When you copy the data, keep every line exactly as written and skip the pictures.

_ _ _

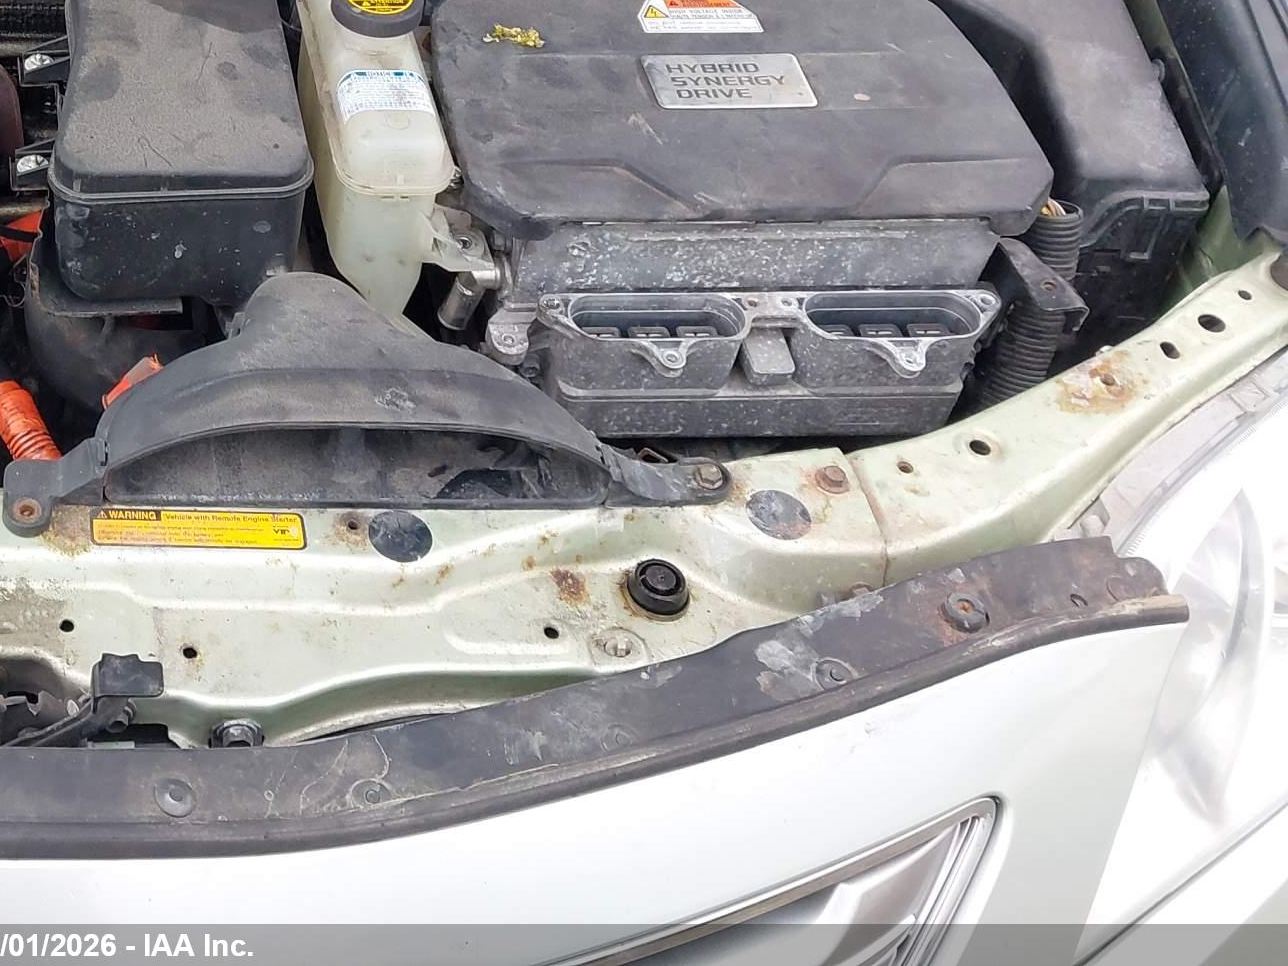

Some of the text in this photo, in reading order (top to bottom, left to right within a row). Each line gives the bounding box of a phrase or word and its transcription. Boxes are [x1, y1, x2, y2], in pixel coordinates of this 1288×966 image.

[665, 63, 760, 74] HYBRID
[671, 75, 785, 87] SYNERGY
[677, 88, 753, 99] DRIVE
[108, 510, 157, 520] WARNING
[243, 515, 269, 523] Engine
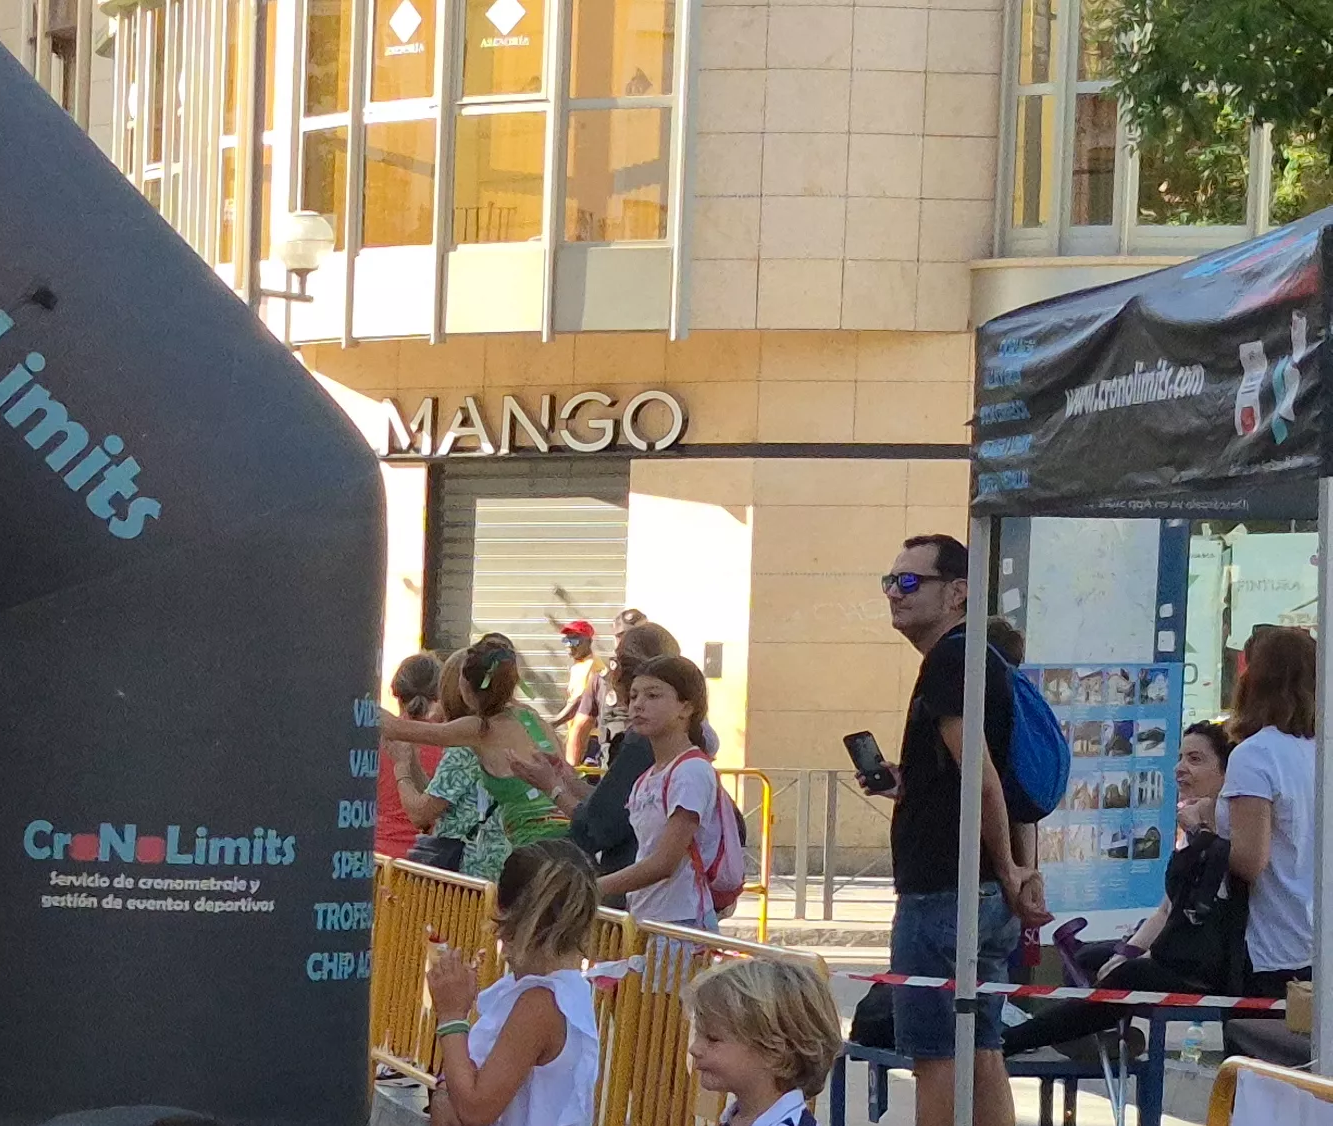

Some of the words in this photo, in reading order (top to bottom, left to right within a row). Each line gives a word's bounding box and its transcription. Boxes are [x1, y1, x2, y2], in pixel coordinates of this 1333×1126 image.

_ _ _

** ANSWER **
Some of the text in this photo, in reading order (top to bottom, left to right within a row). Each line gives the bounding box of a phrase or word and its transcription. Boxes are [x1, y1, x2, y2], in pixel coordinates of this 1288×966 image.

[665, 63, 760, 74] HYBRID
[671, 75, 785, 87] SYNERGY
[677, 88, 753, 99] DRIVE
[108, 510, 157, 520] WARNING
[243, 515, 269, 523] Engine

Some of the words in this photo, in reading order (top to bottom, left to right within a row). Each line gives a word's bounding box and its transcription. Boxes are [x1, y1, x2, y2], in pixel coordinates of this 1333×1126 image.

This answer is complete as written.